What is required:
Each entry should appear in the answer exactly as written.

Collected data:
* * * *

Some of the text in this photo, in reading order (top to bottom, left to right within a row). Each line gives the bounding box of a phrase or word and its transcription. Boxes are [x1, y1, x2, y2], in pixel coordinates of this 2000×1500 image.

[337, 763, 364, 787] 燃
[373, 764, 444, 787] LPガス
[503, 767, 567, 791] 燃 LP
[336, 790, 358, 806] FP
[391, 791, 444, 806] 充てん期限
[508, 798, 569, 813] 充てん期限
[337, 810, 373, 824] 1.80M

* * * *

Output for this task:
Some of the text in this photo, in reading order (top to bottom, left to right within a row). Each line gives the bounding box of a phrase or word and its transcription. Boxes are [x1, y1, x2, y2], in pixel coordinates of this 2000×1500 image.

[337, 763, 364, 787] 燃
[373, 764, 444, 787] LPガス
[503, 767, 567, 791] 燃 LP
[336, 790, 358, 806] FP
[391, 791, 444, 806] 充てん期限
[508, 798, 569, 813] 充てん期限
[337, 810, 373, 824] 1.80M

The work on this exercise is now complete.